The company’s NDA submission is based on two pivotal Phase III studies, DERMIS-1 (NCT04211363) and DERMIS-2 (NCT04211389). Roflumilast, as a molecule, is already approved in oral tablet form (500mg) for chronic obstructive pulmonary disease, under the brand name Daliresp, which is currently marketed by AstraZeneca. The topical cream formulation by Arcutis is in development for PsO as well as atopic dermatitis.
Ms. Chan continues: “One challenge Arcutis could face is that it’s not only a newcomer to the mature PsO market, but to the pharma market as a whole—topical roflumilast cream would represent the company’s first marketed asset for any indication. Still, the company’s reputation (or lack thereof) is not expected to impede regulatory decisions. If the company were to partner with a more established player in the PsO space such as AbbVie, Pfizer, or Janssen, it could expand its reach and obtain a stronger foothold in the market.

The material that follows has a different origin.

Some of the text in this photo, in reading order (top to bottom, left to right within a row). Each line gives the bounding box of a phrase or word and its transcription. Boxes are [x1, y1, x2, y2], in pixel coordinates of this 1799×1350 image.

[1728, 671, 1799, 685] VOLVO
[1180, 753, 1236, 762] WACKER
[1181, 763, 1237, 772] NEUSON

“Additionally, roflumilast cream is expected to be the one of two innovative branded topical therapies approved for PsO in the near future. Key opinion leaders interviewed by GlobalData anticipate that roflumilast cream will be directly competing with Dermavant’s topical arylhydrocarbon receptor (Ahr) agonist, tapinarof cream, which is under regulatory review by the FDA as of August 2021.”

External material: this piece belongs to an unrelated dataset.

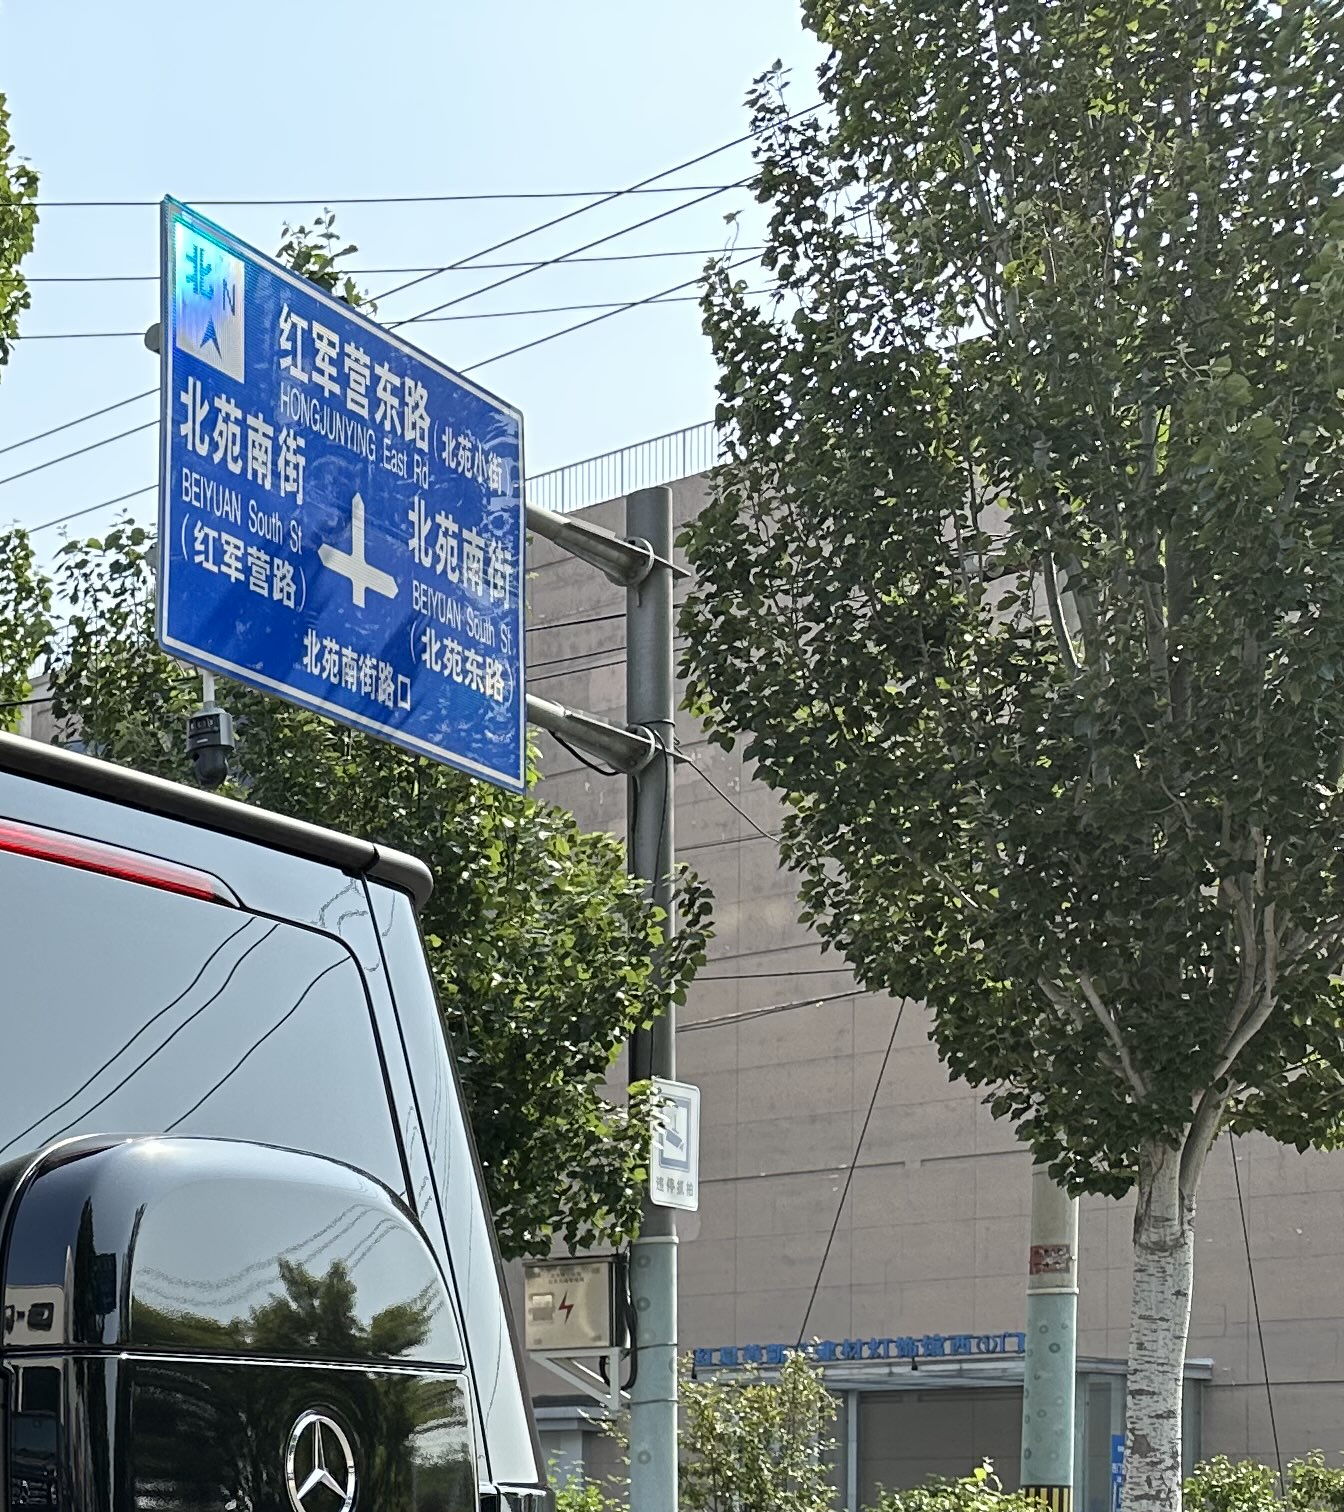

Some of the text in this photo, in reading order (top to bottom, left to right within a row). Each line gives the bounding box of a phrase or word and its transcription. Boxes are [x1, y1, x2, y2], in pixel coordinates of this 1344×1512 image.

Roflumilast, and other late-stage PsO pipeline agents (both topical and oral), signal a changing of the guard in terms of market development. Primary research conducted by GlobalData indicates that given the options of oral, subcutaneous, and topical therapies, PsO patients generally prefer topical therapies (followed by oral) and it appears that drug manufacturers are finally moving away from the biologic focus of the last decade to meet this remaining need. Historically, much of the clinical and research focus has been on treating the most severe patients but roflumilast cream and other newer drugs will finally address milder populations, which have been somewhat neglected until now.